▸ PROMPT:
Return each of the entries below precisely, with no pictures in the result.

▸ RECORDED INFORMATION:
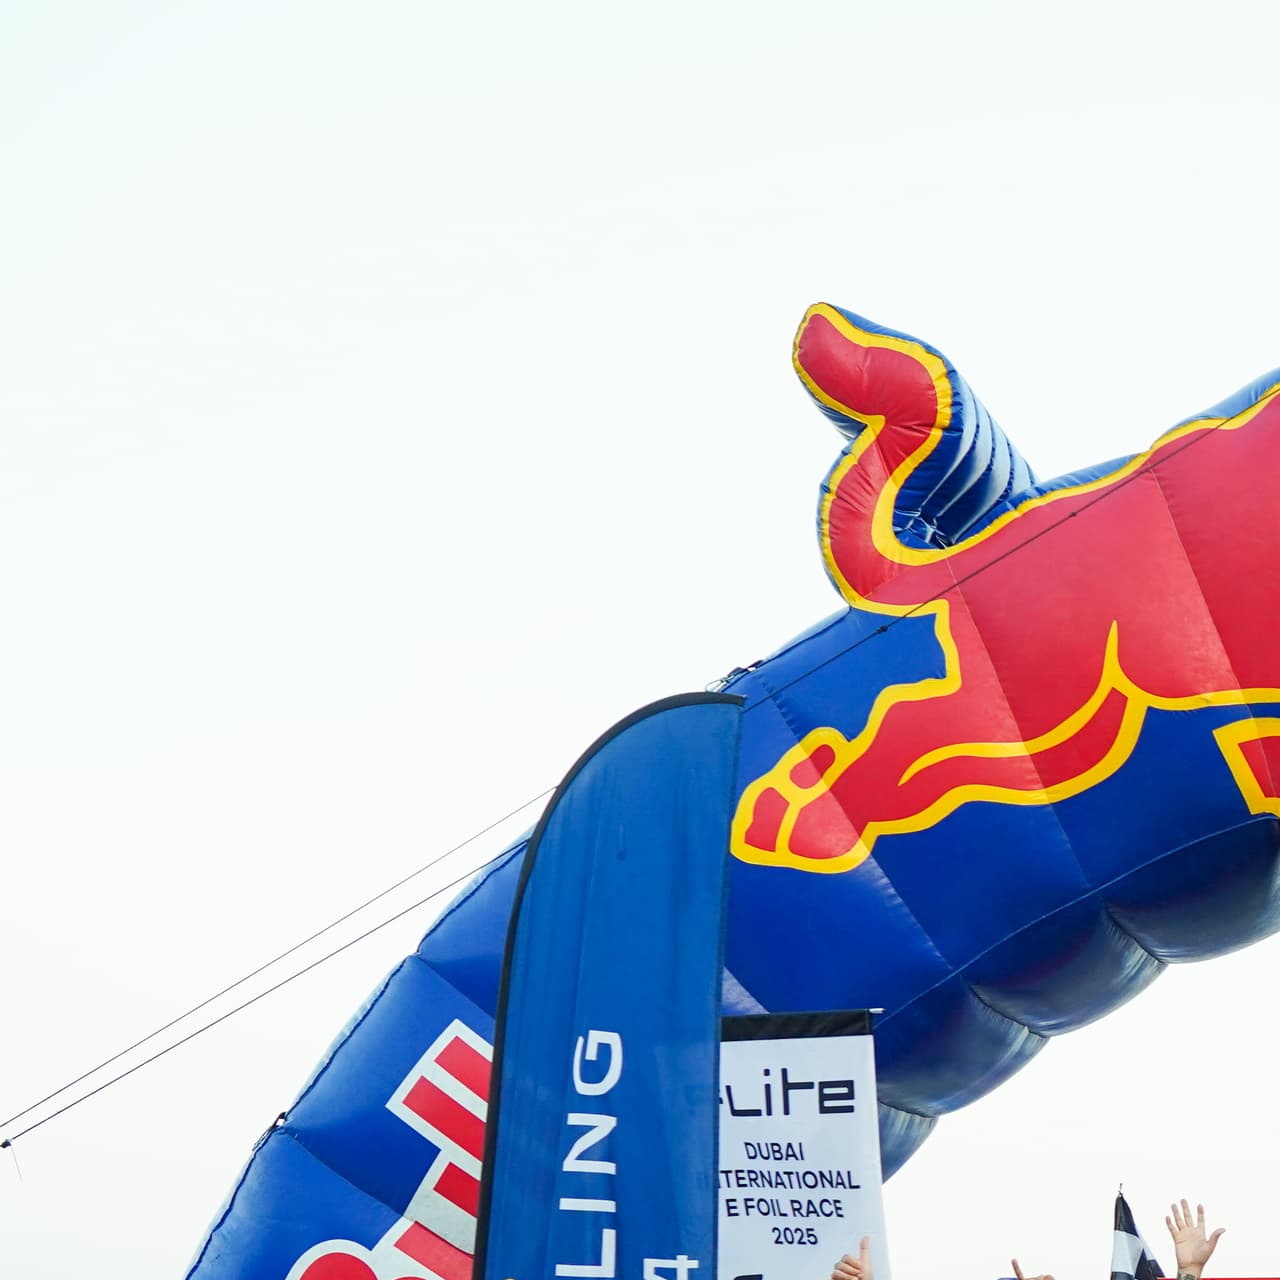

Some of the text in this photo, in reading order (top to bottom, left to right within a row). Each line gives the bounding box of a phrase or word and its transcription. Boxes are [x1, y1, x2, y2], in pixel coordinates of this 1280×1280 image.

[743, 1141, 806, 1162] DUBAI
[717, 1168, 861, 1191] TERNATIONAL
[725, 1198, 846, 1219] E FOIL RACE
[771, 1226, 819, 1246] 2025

▸ FINISHED TASK:
Some of the text in this photo, in reading order (top to bottom, left to right within a row). Each line gives the bounding box of a phrase or word and its transcription. Boxes are [x1, y1, x2, y2], in pixel coordinates of this 1280×1280 image.

[743, 1141, 806, 1162] DUBAI
[717, 1168, 861, 1191] TERNATIONAL
[725, 1198, 846, 1219] E FOIL RACE
[771, 1226, 819, 1246] 2025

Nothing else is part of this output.